How to complete this task: Pictures in the records are to be omitted; everything else is copied exactly.

Information:

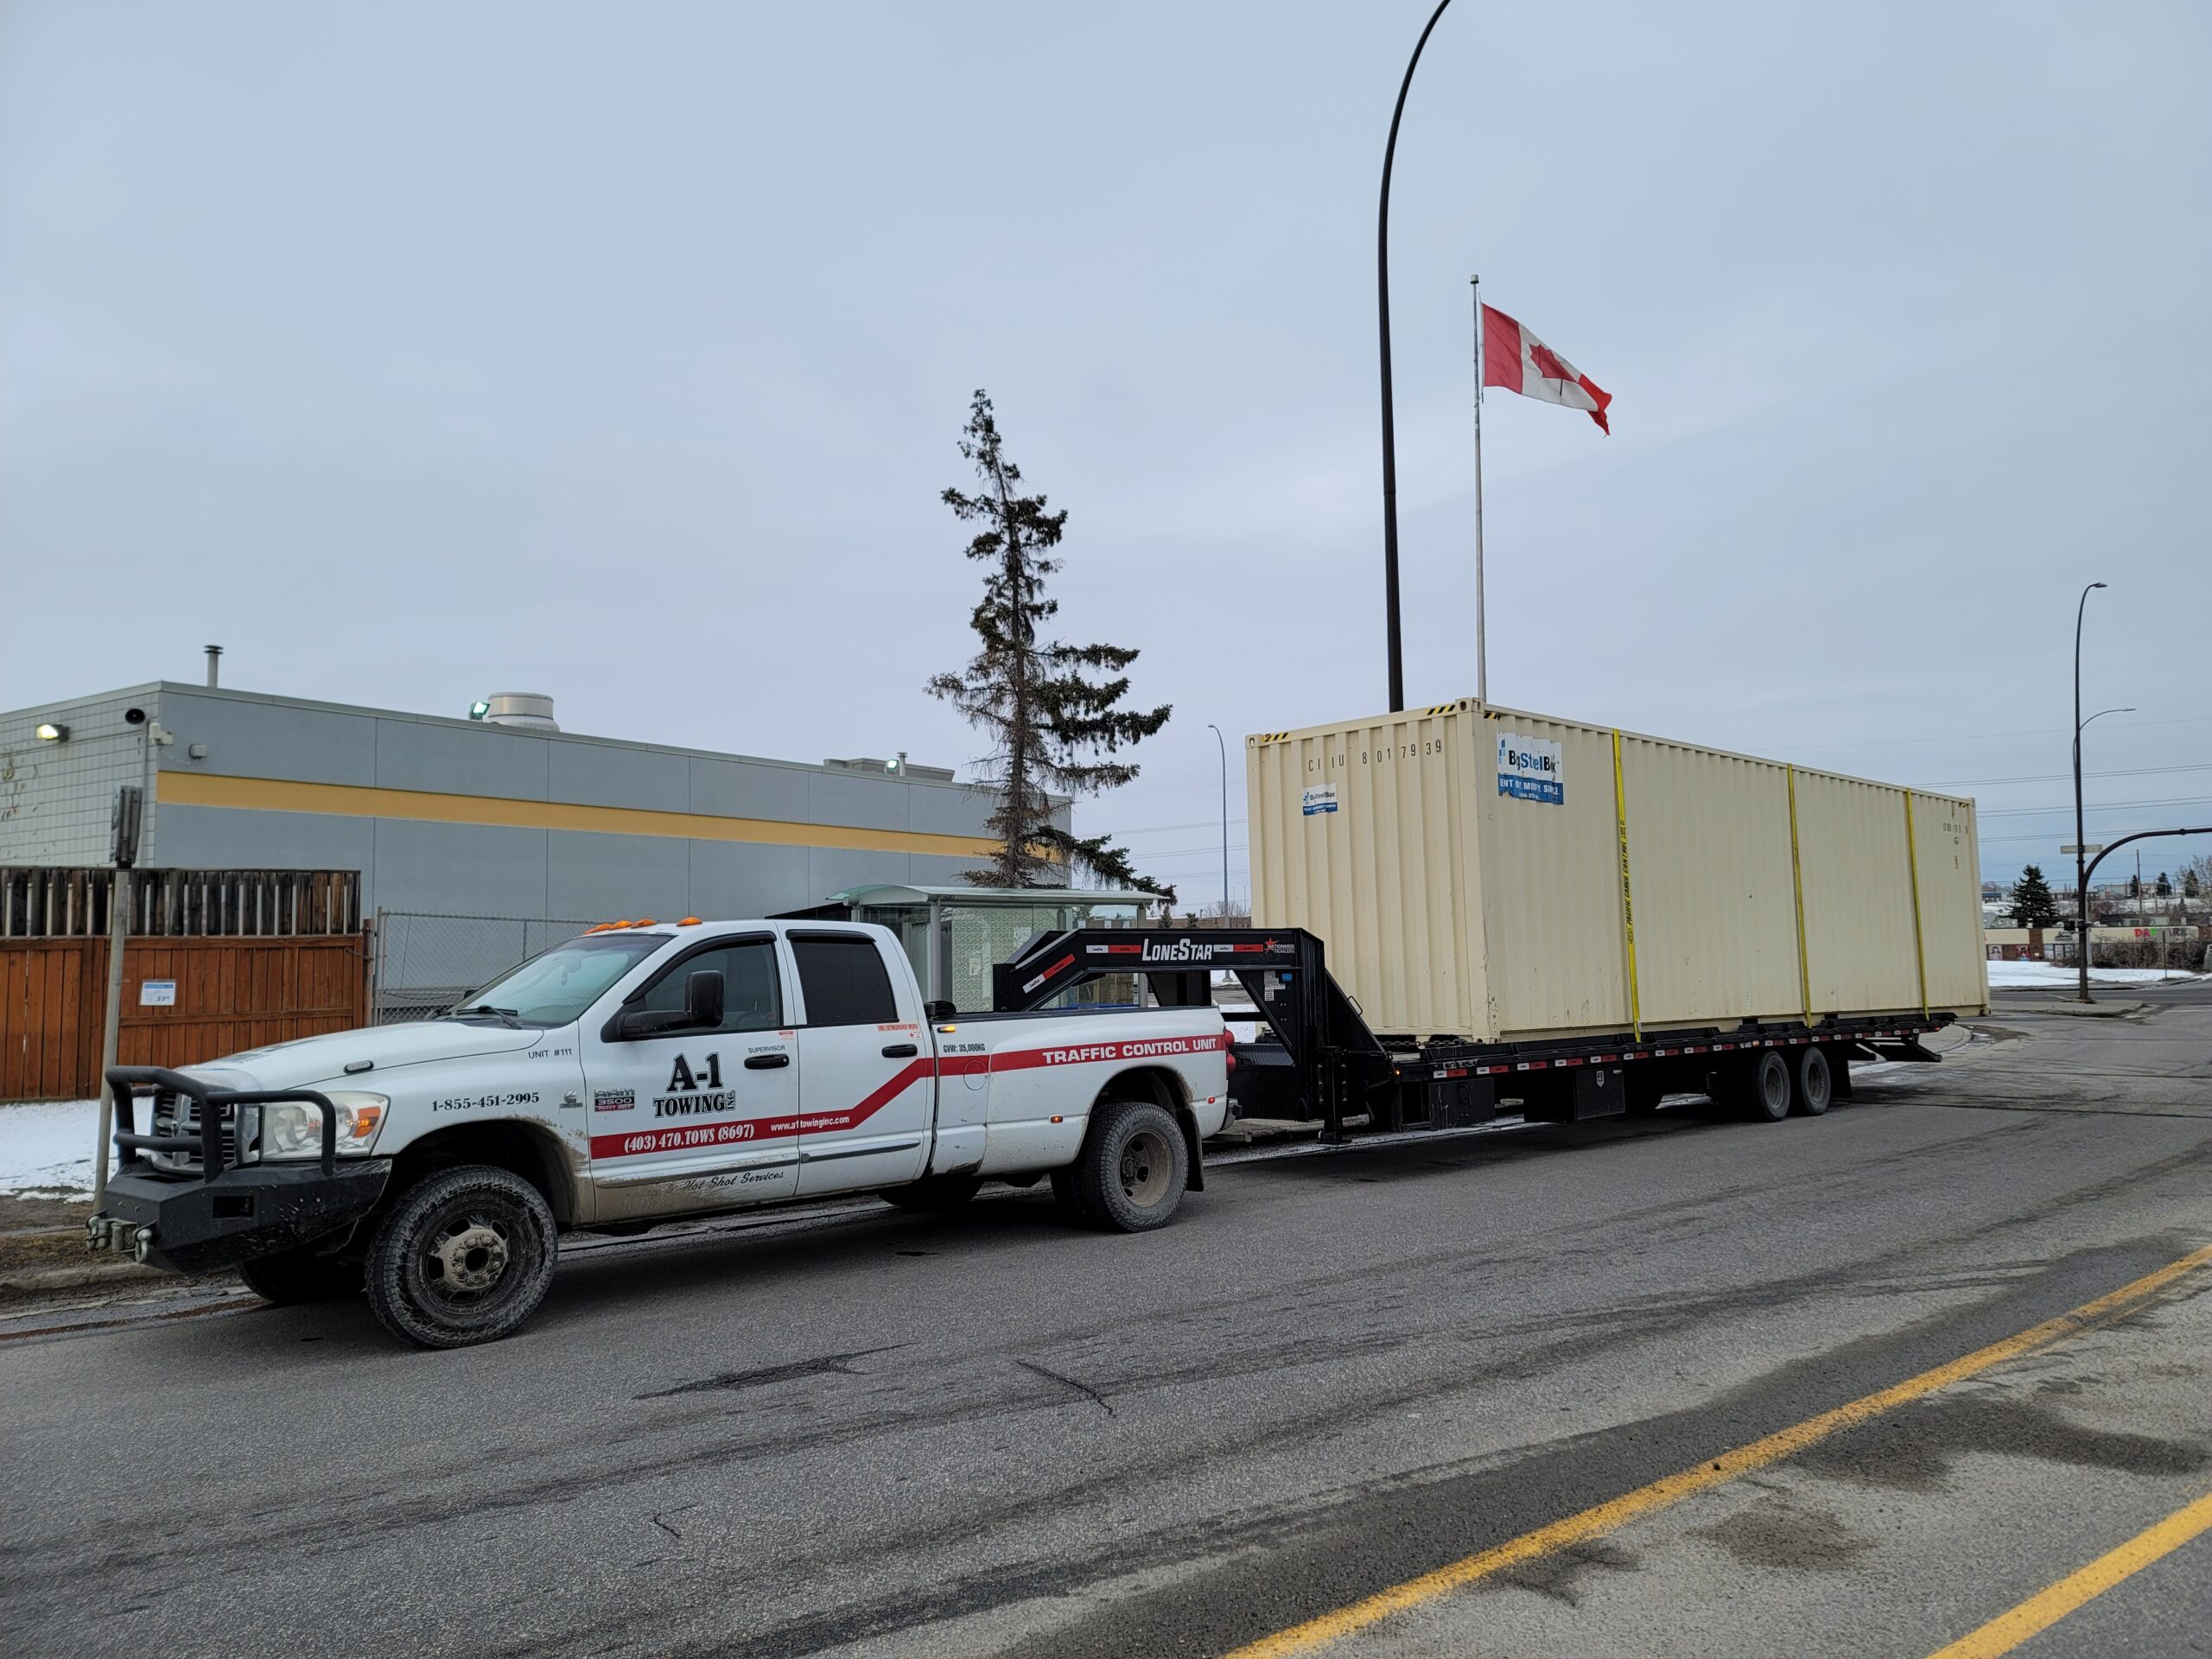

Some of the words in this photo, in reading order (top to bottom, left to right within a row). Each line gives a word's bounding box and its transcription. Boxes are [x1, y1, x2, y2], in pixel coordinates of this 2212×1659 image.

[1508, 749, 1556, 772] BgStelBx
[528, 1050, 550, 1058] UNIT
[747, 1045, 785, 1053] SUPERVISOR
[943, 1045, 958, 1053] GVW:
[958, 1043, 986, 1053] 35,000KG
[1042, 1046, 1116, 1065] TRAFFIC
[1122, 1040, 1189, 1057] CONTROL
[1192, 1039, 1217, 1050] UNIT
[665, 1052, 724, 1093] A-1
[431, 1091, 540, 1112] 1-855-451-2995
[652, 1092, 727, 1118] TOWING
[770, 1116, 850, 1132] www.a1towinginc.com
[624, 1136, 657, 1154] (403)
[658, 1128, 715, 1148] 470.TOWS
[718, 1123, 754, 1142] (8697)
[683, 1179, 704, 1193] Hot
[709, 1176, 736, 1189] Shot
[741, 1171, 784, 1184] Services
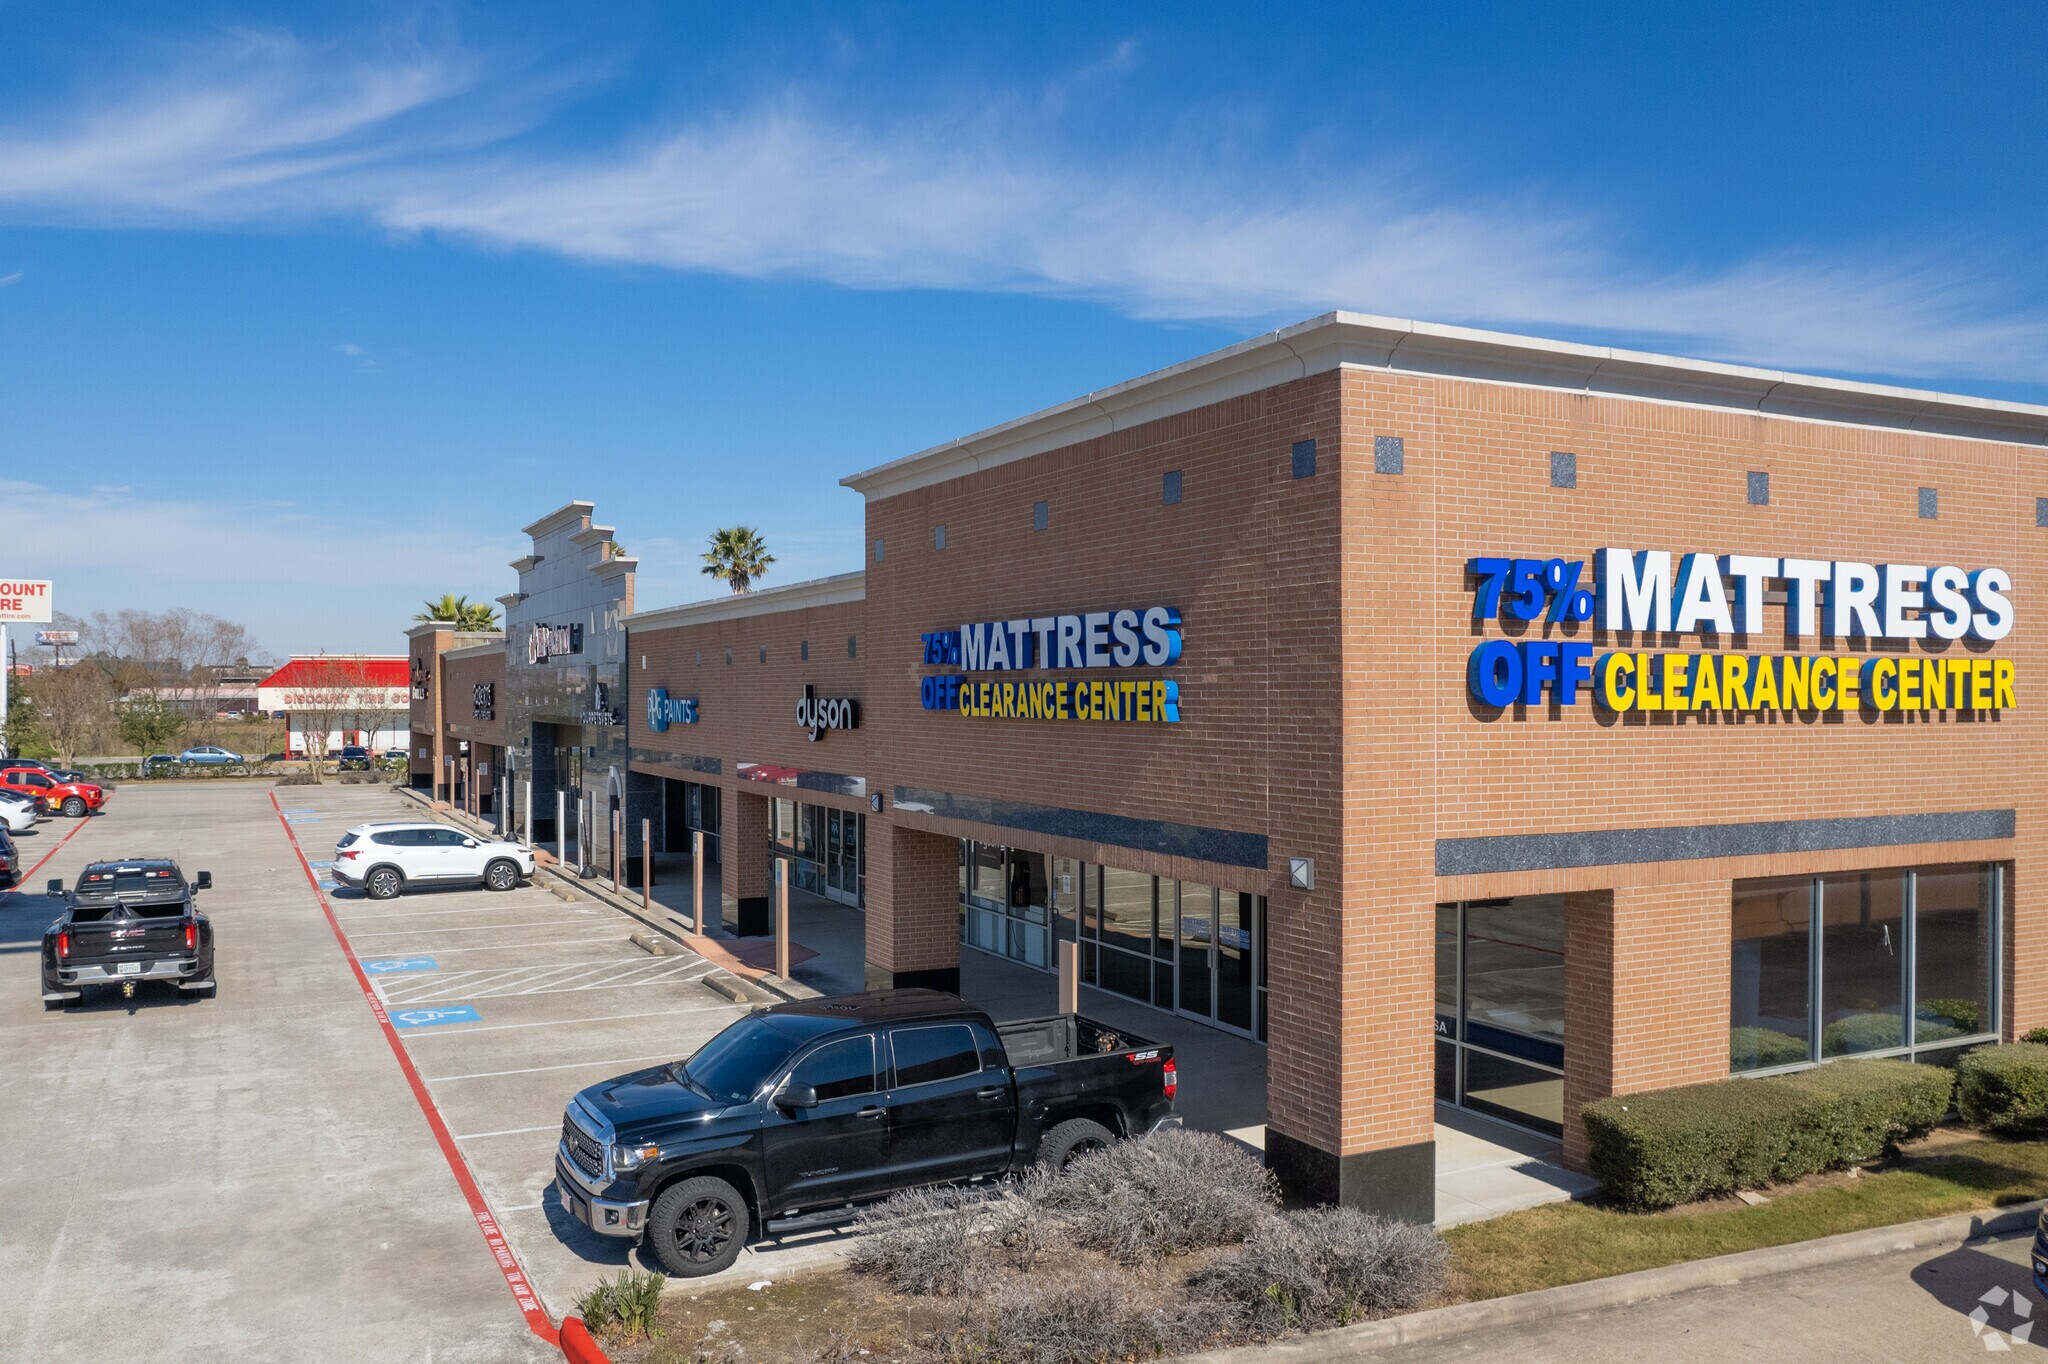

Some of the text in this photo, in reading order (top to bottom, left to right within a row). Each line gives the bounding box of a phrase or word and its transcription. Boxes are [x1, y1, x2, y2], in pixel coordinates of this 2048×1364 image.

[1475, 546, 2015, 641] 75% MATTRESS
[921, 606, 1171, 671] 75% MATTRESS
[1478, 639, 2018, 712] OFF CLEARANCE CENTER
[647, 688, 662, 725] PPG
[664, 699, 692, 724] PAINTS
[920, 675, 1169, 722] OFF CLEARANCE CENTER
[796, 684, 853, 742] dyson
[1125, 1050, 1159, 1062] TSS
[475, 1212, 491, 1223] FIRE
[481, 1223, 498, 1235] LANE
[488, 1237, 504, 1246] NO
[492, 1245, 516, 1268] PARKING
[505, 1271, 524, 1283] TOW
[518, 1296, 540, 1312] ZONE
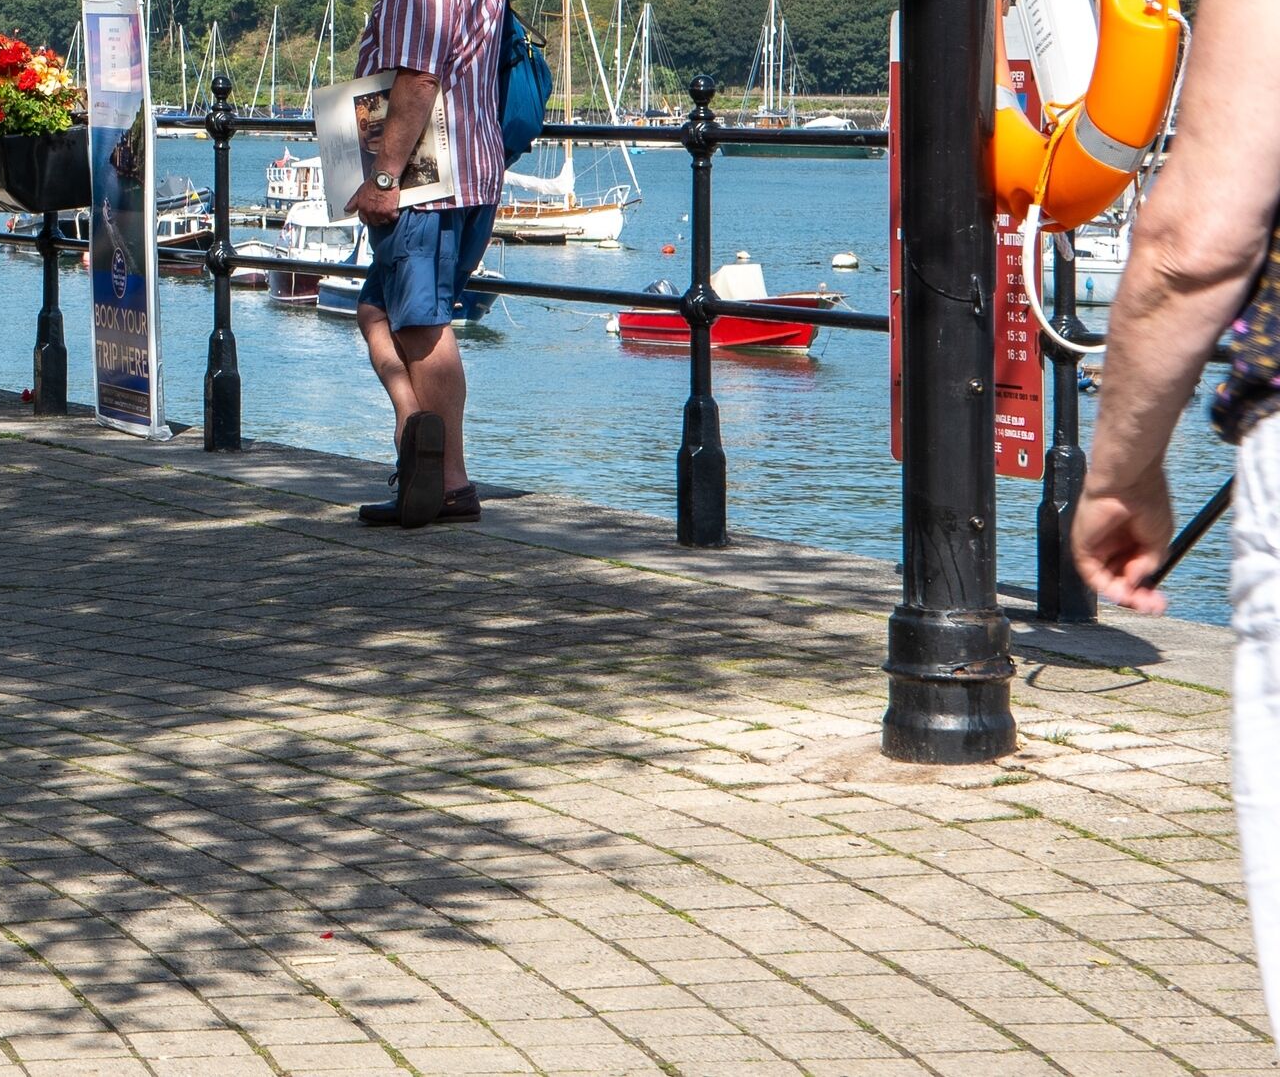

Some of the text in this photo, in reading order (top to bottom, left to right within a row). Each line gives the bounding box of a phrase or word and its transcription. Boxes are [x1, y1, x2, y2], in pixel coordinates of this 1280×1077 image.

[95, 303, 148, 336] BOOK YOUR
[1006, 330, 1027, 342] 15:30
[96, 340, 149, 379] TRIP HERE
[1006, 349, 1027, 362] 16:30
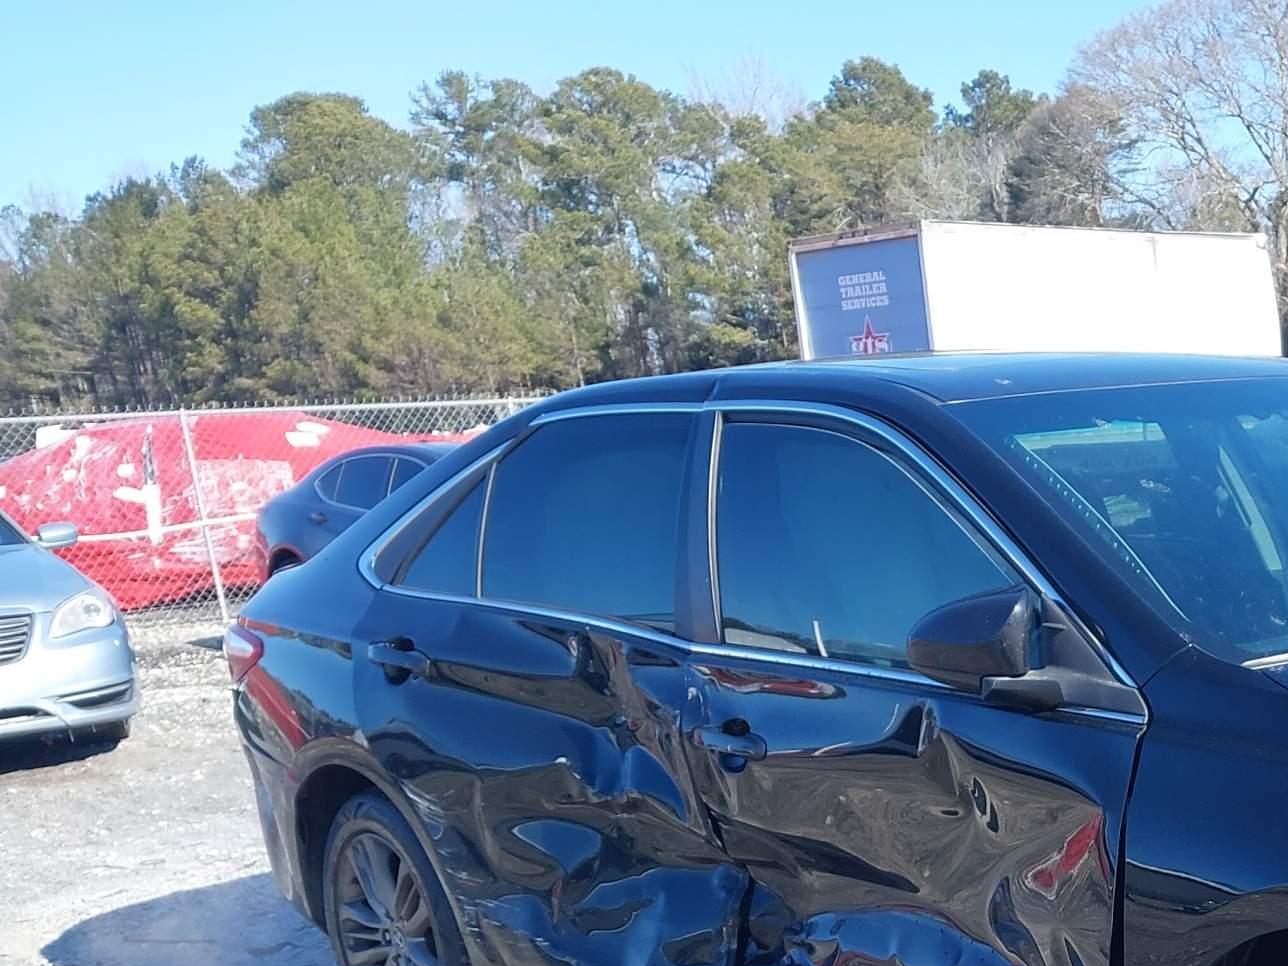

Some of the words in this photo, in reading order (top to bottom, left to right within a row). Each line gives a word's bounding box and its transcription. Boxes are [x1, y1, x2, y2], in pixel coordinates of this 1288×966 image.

Response:
Some of the words in this photo, in reading order (top to bottom, left to right within a row). Each line gives a word's bounding box and its transcription. Boxes are [x1, y1, x2, y2], in pixel coordinates of this 2212×1659 image.

[1508, 749, 1556, 772] BgStelBx
[528, 1050, 550, 1058] UNIT
[747, 1045, 785, 1053] SUPERVISOR
[943, 1045, 958, 1053] GVW:
[958, 1043, 986, 1053] 35,000KG
[1042, 1046, 1116, 1065] TRAFFIC
[1122, 1040, 1189, 1057] CONTROL
[1192, 1039, 1217, 1050] UNIT
[665, 1052, 724, 1093] A-1
[431, 1091, 540, 1112] 1-855-451-2995
[652, 1092, 727, 1118] TOWING
[770, 1116, 850, 1132] www.a1towinginc.com
[624, 1136, 657, 1154] (403)
[658, 1128, 715, 1148] 470.TOWS
[718, 1123, 754, 1142] (8697)
[683, 1179, 704, 1193] Hot
[709, 1176, 736, 1189] Shot
[741, 1171, 784, 1184] Services

Some of the text in this photo, in reading order (top to bottom, left to right within a row). Each line gives the bounding box of a phrase or word and its transcription. Boxes are [x1, y1, x2, y2], in pixel coordinates of this 2048×1364 image.

[1475, 546, 2015, 641] 75% MATTRESS
[921, 606, 1171, 671] 75% MATTRESS
[1478, 639, 2018, 712] OFF CLEARANCE CENTER
[647, 688, 662, 725] PPG
[664, 699, 692, 724] PAINTS
[920, 675, 1169, 722] OFF CLEARANCE CENTER
[796, 684, 853, 742] dyson
[1125, 1050, 1159, 1062] TSS
[475, 1212, 491, 1223] FIRE
[481, 1223, 498, 1235] LANE
[488, 1237, 504, 1246] NO
[492, 1245, 516, 1268] PARKING
[505, 1271, 524, 1283] TOW
[518, 1296, 540, 1312] ZONE

Some of the text in this photo, in reading order (top to bottom, left to right within a row). Each line gives the bounding box of a phrase or word and its transcription. Boxes are [x1, y1, x2, y2], in pixel coordinates of this 1280×1077 image.

[95, 303, 148, 336] BOOK YOUR
[1006, 330, 1027, 342] 15:30
[96, 340, 149, 379] TRIP HERE
[1006, 349, 1027, 362] 16:30

Some of the words in this photo, in reading order (top to bottom, left to right within a row). Each line gives a word's bounding box and its transcription. Boxes are [x1, y1, x2, y2], in pixel coordinates of this 1288×966 image.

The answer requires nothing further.